• [PROBLEM STATEMENT] Copy out nothing but the line containing "this 1288×966 image." and the lines that follow it to the end of the entries, exactly as they stand.

• [MATERIAL FOR THIS TASK]
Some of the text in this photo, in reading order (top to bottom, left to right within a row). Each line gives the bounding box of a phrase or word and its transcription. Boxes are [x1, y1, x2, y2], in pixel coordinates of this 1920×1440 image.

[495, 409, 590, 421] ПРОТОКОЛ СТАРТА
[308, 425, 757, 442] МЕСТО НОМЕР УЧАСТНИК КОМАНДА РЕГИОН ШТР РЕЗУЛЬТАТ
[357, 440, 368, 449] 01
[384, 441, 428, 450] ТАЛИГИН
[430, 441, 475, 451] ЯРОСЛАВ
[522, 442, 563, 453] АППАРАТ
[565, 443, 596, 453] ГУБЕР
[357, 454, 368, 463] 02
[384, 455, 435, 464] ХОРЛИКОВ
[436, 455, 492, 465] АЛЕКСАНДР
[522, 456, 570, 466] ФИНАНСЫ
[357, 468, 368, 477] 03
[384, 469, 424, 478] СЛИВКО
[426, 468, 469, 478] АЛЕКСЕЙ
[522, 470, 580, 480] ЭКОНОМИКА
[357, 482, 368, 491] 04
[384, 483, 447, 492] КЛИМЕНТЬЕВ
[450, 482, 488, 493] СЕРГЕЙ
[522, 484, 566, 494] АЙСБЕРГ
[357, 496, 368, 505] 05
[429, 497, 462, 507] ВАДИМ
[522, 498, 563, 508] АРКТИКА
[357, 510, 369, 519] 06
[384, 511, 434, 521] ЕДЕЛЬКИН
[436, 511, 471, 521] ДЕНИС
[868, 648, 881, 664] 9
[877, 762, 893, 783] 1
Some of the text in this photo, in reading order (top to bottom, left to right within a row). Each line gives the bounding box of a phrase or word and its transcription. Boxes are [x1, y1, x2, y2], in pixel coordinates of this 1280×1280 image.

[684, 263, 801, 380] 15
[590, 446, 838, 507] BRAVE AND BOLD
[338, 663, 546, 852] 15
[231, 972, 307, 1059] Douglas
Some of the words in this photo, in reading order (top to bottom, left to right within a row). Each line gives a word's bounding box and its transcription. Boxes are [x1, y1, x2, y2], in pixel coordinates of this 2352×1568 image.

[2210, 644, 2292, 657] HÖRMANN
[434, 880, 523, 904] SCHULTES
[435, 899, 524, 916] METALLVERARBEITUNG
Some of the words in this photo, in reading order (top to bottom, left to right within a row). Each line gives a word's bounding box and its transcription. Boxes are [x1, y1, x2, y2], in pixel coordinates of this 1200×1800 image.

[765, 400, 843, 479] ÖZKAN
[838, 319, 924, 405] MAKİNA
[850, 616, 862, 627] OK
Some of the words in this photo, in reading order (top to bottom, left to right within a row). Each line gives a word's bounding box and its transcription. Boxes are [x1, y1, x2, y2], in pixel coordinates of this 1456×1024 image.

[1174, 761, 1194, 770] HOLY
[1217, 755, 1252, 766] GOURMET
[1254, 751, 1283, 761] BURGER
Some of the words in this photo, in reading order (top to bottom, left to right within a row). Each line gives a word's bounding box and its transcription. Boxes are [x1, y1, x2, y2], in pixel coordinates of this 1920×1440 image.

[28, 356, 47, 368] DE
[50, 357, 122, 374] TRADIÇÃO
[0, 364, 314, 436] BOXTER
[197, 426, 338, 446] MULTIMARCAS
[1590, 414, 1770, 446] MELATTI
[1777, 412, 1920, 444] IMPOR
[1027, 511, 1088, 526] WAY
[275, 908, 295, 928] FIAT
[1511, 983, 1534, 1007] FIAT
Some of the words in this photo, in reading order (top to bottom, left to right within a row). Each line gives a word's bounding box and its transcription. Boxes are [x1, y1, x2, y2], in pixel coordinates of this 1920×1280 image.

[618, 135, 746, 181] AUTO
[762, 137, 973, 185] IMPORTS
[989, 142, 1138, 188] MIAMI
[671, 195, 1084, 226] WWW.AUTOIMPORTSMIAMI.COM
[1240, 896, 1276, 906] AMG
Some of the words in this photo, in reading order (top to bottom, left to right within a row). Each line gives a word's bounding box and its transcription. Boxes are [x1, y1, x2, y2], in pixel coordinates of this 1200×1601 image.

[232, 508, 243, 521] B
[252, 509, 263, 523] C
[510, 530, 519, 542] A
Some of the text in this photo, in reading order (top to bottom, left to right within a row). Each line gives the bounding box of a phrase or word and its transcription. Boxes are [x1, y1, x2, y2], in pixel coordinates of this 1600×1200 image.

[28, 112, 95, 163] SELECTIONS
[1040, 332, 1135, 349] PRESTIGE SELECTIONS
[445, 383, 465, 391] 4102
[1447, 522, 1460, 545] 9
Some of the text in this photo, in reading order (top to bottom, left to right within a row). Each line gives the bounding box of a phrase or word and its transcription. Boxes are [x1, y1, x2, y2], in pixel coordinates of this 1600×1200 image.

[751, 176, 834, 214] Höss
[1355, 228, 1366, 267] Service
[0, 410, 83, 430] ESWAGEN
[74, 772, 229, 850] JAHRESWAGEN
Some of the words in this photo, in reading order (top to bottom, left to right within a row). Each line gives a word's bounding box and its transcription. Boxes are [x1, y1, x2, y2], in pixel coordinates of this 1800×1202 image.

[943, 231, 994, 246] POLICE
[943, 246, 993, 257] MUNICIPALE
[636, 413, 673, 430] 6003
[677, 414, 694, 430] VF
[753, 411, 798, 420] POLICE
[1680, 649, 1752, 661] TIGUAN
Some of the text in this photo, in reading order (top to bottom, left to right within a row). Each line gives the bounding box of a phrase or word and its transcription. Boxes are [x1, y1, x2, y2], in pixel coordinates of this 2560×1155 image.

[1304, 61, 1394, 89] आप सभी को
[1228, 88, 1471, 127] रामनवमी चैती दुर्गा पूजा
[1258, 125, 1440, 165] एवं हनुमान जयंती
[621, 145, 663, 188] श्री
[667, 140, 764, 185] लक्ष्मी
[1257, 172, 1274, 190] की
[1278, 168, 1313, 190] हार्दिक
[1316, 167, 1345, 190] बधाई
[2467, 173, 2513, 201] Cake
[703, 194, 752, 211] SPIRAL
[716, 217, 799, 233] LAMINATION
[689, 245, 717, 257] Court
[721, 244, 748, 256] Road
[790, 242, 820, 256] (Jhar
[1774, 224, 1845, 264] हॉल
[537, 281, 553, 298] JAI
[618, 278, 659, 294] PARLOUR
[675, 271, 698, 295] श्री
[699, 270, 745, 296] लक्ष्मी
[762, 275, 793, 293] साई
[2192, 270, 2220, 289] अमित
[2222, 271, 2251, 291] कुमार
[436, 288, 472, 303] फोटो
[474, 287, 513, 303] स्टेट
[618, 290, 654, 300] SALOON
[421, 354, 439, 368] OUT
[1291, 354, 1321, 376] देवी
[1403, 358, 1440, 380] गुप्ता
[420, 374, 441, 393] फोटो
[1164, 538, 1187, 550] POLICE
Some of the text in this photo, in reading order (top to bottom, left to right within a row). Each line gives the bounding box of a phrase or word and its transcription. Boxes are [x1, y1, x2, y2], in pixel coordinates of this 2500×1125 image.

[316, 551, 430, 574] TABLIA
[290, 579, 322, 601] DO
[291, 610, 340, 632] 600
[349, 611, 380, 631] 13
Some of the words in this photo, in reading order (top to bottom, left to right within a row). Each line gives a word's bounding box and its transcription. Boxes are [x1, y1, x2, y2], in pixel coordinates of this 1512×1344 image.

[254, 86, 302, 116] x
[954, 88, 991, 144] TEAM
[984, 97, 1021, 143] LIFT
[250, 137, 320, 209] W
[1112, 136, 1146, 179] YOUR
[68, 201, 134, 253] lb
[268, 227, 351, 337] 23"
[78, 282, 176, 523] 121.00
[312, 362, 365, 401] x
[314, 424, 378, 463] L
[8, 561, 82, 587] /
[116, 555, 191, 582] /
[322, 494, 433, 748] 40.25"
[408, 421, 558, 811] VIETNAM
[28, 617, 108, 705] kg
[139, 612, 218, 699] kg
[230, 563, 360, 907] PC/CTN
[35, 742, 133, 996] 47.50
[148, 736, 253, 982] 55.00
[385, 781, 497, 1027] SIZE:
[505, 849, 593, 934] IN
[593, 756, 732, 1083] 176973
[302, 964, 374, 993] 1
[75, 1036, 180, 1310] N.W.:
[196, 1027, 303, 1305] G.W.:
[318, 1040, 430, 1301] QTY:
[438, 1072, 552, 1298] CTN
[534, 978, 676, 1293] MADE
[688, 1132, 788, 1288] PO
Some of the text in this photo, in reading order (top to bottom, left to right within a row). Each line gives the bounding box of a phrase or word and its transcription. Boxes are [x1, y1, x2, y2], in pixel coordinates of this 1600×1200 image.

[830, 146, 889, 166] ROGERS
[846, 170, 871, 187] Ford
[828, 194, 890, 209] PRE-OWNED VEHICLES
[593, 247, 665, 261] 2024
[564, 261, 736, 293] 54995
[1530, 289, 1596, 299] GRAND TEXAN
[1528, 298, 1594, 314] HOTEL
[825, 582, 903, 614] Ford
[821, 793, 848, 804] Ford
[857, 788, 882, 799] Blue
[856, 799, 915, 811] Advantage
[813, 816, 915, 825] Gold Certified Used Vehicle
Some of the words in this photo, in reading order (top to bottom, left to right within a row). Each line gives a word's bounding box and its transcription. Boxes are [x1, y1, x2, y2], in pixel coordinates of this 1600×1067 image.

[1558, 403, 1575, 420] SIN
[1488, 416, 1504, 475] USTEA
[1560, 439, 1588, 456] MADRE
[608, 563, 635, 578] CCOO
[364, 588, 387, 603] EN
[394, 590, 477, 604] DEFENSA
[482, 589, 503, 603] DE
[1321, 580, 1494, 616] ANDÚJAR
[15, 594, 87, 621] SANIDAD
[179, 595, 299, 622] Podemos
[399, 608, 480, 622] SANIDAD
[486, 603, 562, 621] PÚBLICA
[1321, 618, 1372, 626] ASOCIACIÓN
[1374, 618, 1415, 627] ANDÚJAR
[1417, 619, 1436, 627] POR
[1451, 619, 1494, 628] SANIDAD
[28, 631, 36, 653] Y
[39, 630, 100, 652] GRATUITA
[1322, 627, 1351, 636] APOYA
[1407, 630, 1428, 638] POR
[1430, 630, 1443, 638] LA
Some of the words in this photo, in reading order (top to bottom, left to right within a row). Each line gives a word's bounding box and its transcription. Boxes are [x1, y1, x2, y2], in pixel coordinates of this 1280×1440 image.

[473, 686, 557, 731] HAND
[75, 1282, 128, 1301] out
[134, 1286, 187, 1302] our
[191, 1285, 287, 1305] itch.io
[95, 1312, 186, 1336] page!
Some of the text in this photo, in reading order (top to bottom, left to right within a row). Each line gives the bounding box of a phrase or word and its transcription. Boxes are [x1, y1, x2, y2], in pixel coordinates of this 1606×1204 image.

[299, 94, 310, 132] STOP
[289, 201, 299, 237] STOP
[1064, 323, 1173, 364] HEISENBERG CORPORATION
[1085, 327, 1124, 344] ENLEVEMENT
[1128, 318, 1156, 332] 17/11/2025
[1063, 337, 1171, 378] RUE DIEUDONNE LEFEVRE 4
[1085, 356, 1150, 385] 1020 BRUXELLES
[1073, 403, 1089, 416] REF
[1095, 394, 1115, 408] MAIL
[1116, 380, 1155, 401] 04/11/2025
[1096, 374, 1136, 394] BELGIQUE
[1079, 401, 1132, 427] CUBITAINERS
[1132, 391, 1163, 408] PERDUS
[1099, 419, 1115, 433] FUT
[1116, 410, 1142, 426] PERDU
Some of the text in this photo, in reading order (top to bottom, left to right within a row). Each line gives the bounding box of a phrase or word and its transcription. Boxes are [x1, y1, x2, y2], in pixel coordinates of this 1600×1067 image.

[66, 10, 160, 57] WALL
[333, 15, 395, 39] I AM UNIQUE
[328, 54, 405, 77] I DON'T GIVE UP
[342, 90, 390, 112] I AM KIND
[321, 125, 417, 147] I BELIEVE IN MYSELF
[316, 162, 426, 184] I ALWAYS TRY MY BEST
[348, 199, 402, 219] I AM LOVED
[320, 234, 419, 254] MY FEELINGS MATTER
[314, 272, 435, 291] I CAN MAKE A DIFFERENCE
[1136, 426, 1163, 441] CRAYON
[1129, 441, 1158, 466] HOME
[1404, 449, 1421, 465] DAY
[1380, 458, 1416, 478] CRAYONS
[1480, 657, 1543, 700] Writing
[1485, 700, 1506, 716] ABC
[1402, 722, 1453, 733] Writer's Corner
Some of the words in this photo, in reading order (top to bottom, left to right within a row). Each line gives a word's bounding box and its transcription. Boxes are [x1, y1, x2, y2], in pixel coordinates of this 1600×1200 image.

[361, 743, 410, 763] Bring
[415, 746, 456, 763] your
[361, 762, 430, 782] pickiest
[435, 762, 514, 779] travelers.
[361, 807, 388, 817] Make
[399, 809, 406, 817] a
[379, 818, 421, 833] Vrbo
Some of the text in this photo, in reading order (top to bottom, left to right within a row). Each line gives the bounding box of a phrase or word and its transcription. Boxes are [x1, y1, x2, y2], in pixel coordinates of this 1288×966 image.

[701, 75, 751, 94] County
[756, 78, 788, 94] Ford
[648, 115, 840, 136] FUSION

• [OUTPUT FOR THIS EXERCISE]
Some of the text in this photo, in reading order (top to bottom, left to right within a row). Each line gives the bounding box of a phrase or word and its transcription. Boxes are [x1, y1, x2, y2], in pixel coordinates of this 1288×966 image.

[701, 75, 751, 94] County
[756, 78, 788, 94] Ford
[648, 115, 840, 136] FUSION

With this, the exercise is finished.